Sous quelles formes transparaissent ces émotions ? I. Rambaud évoque alors le ressenti des visiteurs, saisis par le caractère quasi sacré quand ils arrivent aux archives, le silence, l’odeur, les effets de scénographie, en somme le contact physique avec les documents. Les émotions, du côté de l’archiviste, concernent surtout des risques par rapport à la conservation
Les archives véhiculent aussi en elles-mêmes des informations sensibles, qui ont souvent un lien avec l’intime, le privé. Par exemple, chez les généalogistes, il y a d’un côté le bonheur de la reconstitution des faits, et de l’autre, des émotions plus négatives. Elle note l’intérêt pour les documents précieux, qui provoquent des émotions grâce à un « mélange subtil de rareté, de beauté et d’authenticité ».
L’archiviste a, selon elle, une position de médiateur, puisqu’il a une responsabilité émotionnelle forte. La question de la médiation pose alors celle de l’accompagnement, notamment celui des familles dans des démarches douloureuses.
Enfin, elle évoque la présence des archives dans le domaine artistique. L’œuvre Élevage de poussière de Marcel Duchamp (1920) est une des premières initiatives illustrant le glissement qui peut se faire entre une œuvre d’art perçue comme document d’archives, et inversement. Les archives sont donc à la fois ambivalentes et fragiles, fragilité qui se retrouve dans certaines œuvres d’art contemporaines.
Elle termine en s’interrogeant : l’émotion des images est-elle durable ? Y aura-t-il une émotion des archives électroniques ?
Émouvantes, les archives ? Le point de vue des archivistes
Anne Klein est doctorante à l’École de bibliothéconomie et des sciences de l’information de Université de Montréal (Canada).
Elle expose les résultats d’une enquête descriptive menée en 2012, à la suite d’une première enquête exploratoire effectuée en 2010 au Québec. Cette enquête a été menée auprès d’archivistes francophones et anglophones. Sur 599 répondants, la moitié étaient des archivistes français.

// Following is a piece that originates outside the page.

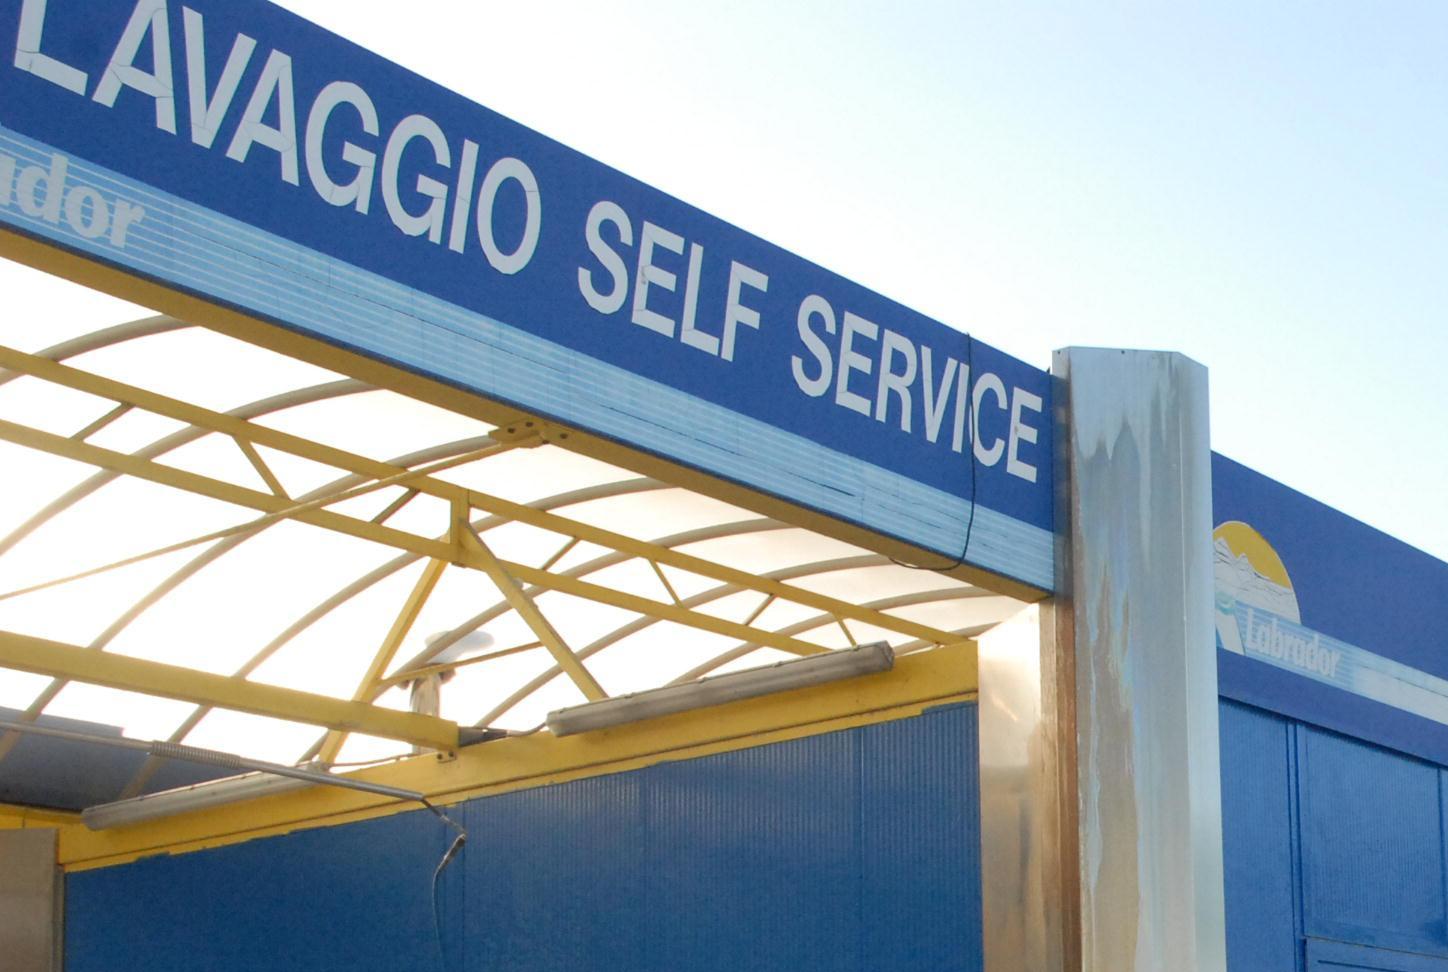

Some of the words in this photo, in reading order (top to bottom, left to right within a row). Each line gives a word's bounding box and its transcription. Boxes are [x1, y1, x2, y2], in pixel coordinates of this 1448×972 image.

[14, 0, 542, 275] LAVAGGIO
[578, 200, 769, 362] SELF
[791, 294, 1042, 483] SERVICE
[1245, 608, 1341, 678] Labrador

Dans une première partie, elle a présenté ce que pensent les archivistes qui ont répondu à l’enquête. La moitié des participants a répondu que les émotions étaient une caractéristique des archives, même si, à chaque question, un quart des personnes n’a pas souhaité répondre. Plus de 60% des répondants pensent que l’émotion est liée au contenu, et que le document textuel est celui qui en soulève le plus. Pour plus de 60%, l’émotion est une valeur ajoutée des archives.
Dans une deuxième partie, elle s’intéresse à la place de l’émotion dans la pratique archivistique. Sur ce point, les Français sont très mitigés par rapport à leurs collègues anglophones, beaucoup plus sensibles aux émotions dans leur pratique. Tous les répondants sont d’accord pour dire que l’émotion existe, mais beaucoup sont réticents à la prendre en compte. Elle met cette réticence sur le compte de la peur de mettre en péril le caractère scientifique de la profession par la prise en considération de l’émotion. En revanche, les répondants prennent en compte la dimension émotive des documents dans la diffusion et la mise en valeur.

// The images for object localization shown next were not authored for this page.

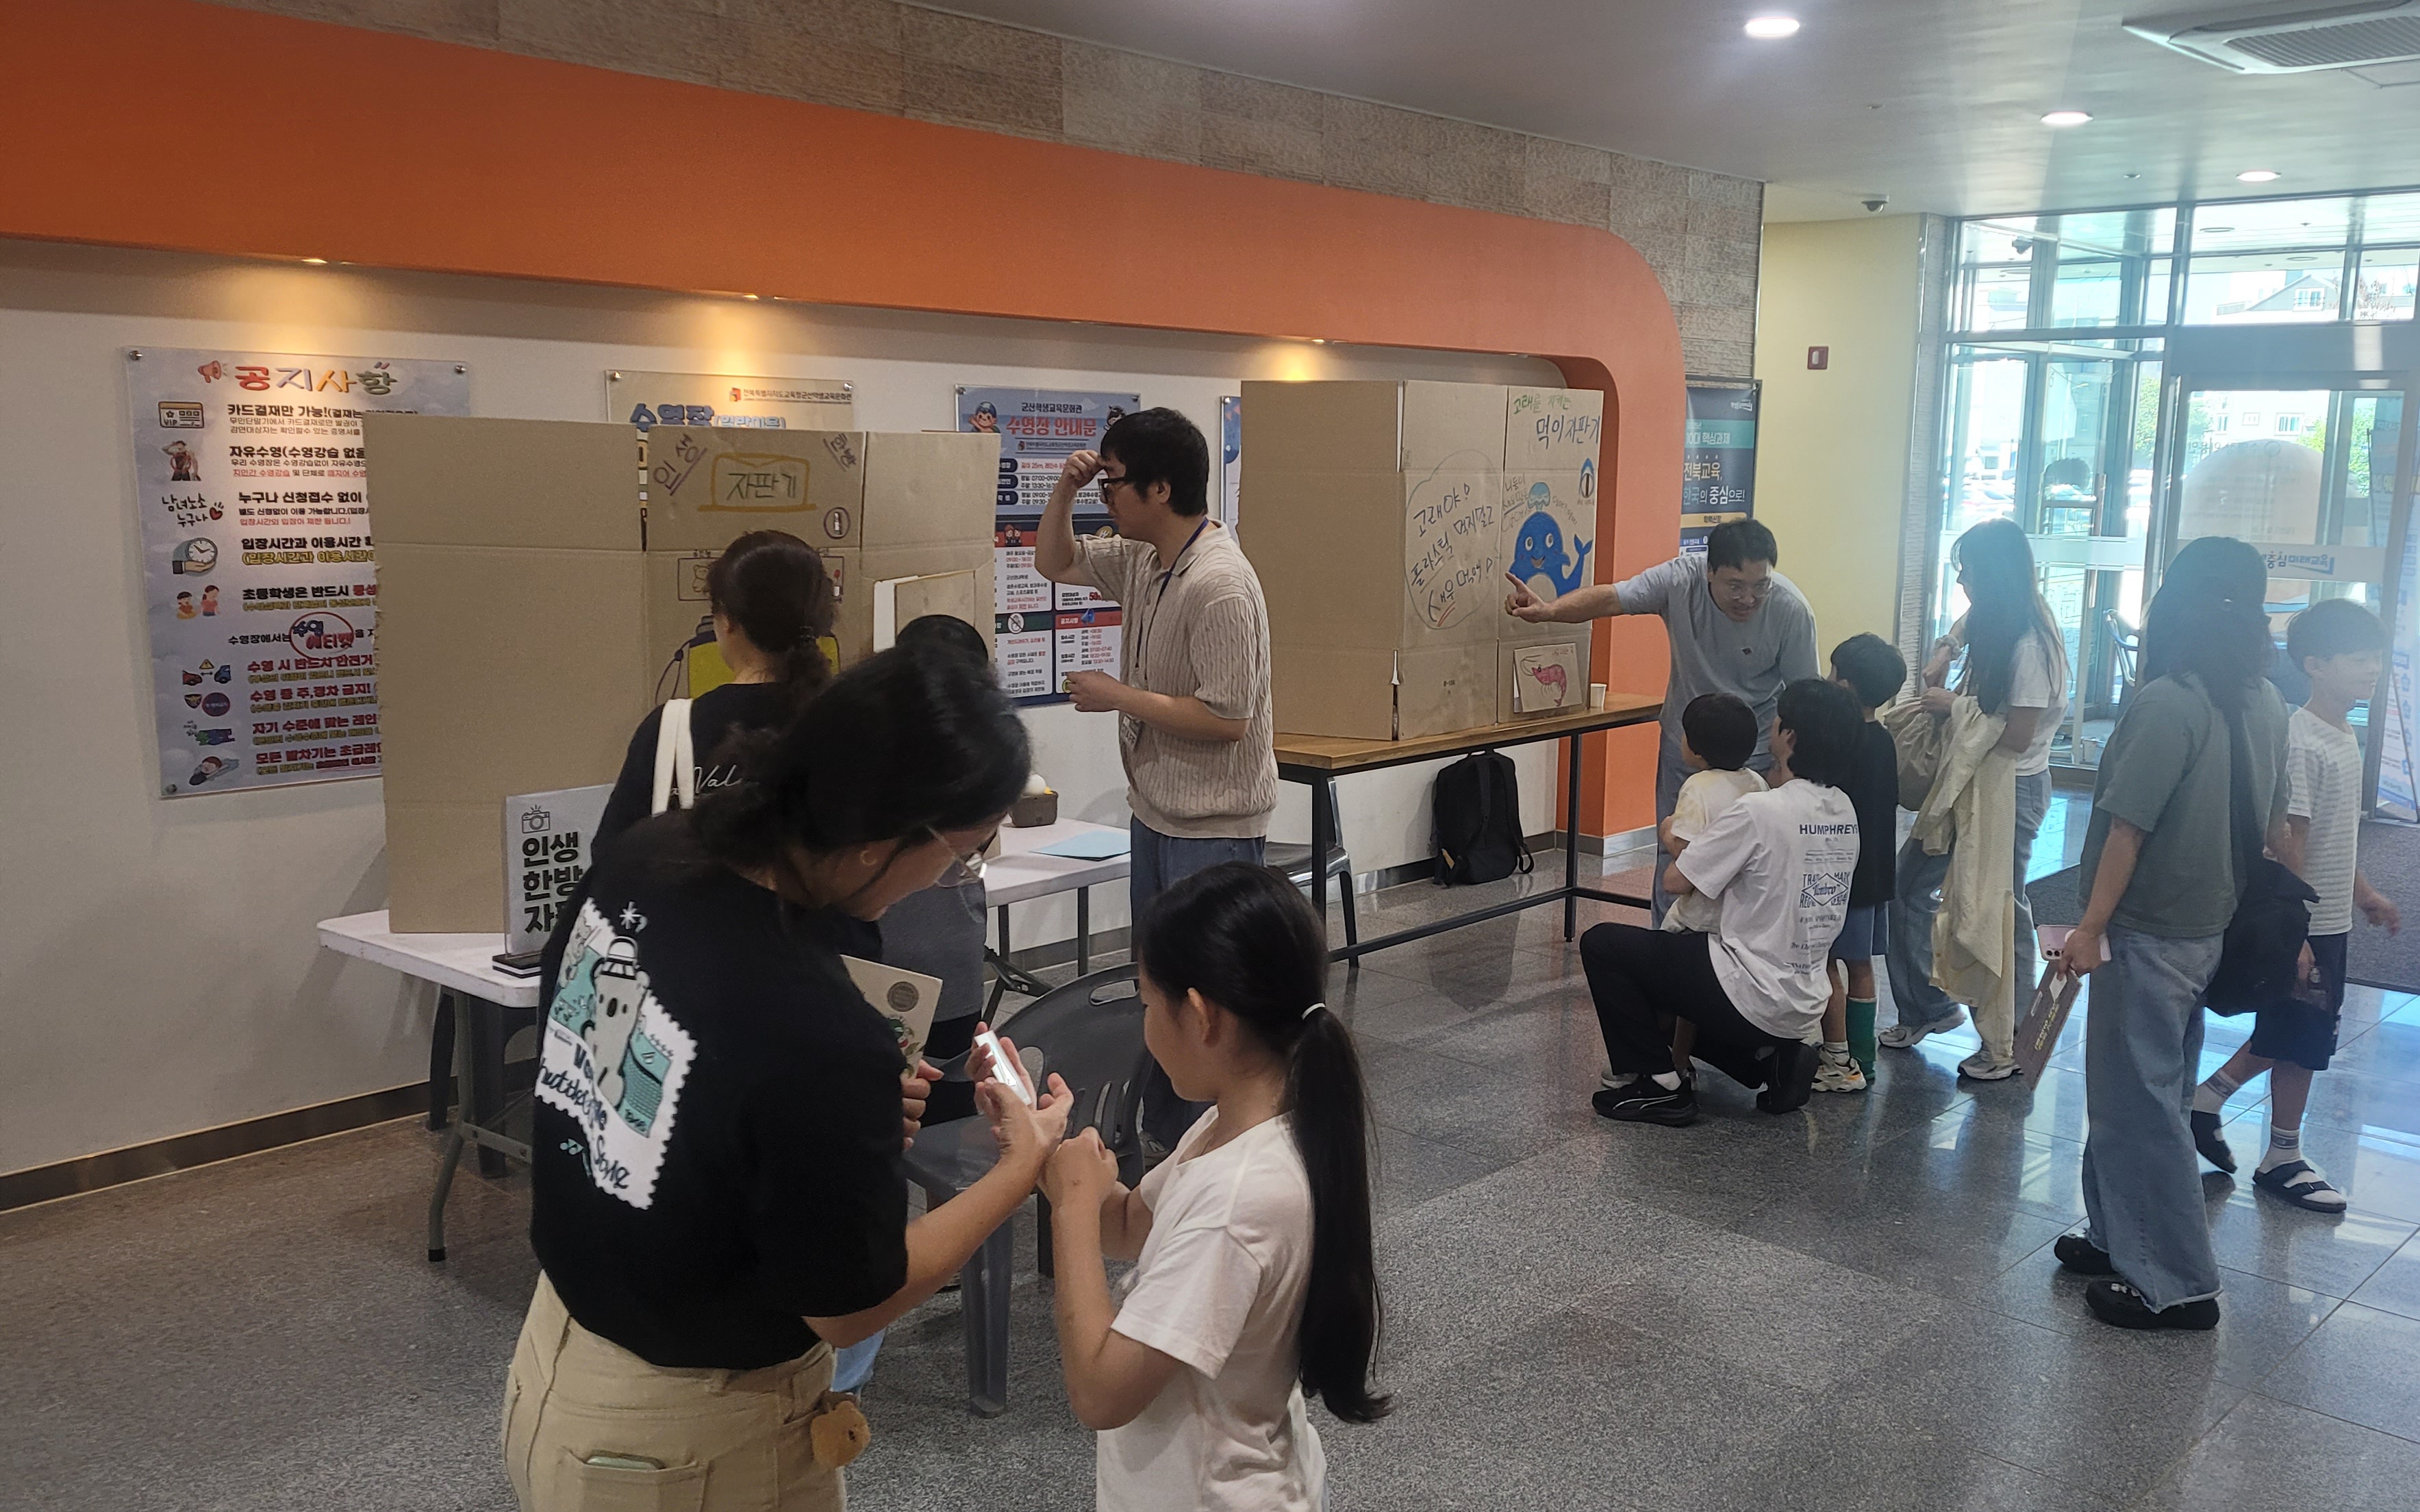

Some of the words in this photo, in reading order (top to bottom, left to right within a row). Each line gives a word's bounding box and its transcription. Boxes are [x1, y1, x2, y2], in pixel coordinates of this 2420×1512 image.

[234, 363, 398, 395] 공지사항
[227, 404, 294, 416] 카드결재만
[1021, 402, 1083, 414] 군산학생교육문화관
[1513, 394, 1541, 414] 고래를
[1548, 394, 1572, 410] 지키는
[1006, 416, 1050, 436] 수영장
[1054, 417, 1097, 436] 안내문
[1702, 431, 1730, 444] 핵심과제
[229, 446, 338, 458] 자유수영(수영강습
[653, 433, 702, 492] 인생
[1684, 462, 1723, 481] 전북교육,
[726, 473, 797, 501] 자판기
[1683, 486, 1708, 505] 한국의
[1709, 486, 1745, 505] 중심으로!
[162, 492, 207, 512] 남녀노소
[238, 492, 279, 504] 누구나
[282, 492, 333, 503] 신청접수
[338, 492, 362, 503] 없이
[177, 513, 208, 528] 누구나
[242, 538, 307, 550] 입장시간과
[311, 536, 362, 548] 이용시간
[242, 551, 314, 566] (입장시간과
[1411, 531, 1454, 588] 플라스틱
[242, 587, 307, 600] 초등학생은
[312, 585, 349, 598] 반드시
[228, 633, 291, 646] 수영장에서는
[247, 660, 273, 672] 수영
[278, 659, 290, 671] 시
[294, 657, 332, 670] 반드시
[251, 690, 276, 702] 수영
[342, 683, 371, 696] 금지!
[253, 722, 278, 734] 자기
[325, 716, 349, 728] 맞는
[256, 752, 282, 764] 모든
[286, 747, 336, 761] 발차기는
[522, 831, 579, 868] 인생
[522, 865, 583, 902] 한방

Les archives saisies par l’écriture : de l’archive au roman, ou le syndrome d’Aladin
Louis-Gilles Pairault, directeur des archives municipales de Nice.
Il nous fait part d’un « retour d’expérience d’écriture de fictions à partir de lectures d’archives ». Pour lui, les archives sont une « matière romanesque » de par leur abondance et leur sobriété. Ce sont les manques du document qui suscitent l’émotion, mais aussi le côté graphique, esthétique.
En tant qu’écrivain, il apprécie de ne pas faire passer les archives par le prisme de l’historien, ce qui laisse libre court à son imagination. Il explique alors ce qu’il nomme le « syndrome d’Aladin » : avec un peu d’imagination, on peut faire surgir le « génie » d’un document a priori rébarbatif.
Dans un roman historique, il faut poser le contexte en quelques phrases seulement, ce qui ne laisse pas de place aux hypothèses et aux nuances, mais laisse « une certaine liberté, avec la possibilité de soutenir des points de vue paradoxaux ».
Faire de la fiction, c’est redonner vie à un document « sobre et froid ». « Il faut que la fresque soit élégante et agréable, mais aussi réaliste. »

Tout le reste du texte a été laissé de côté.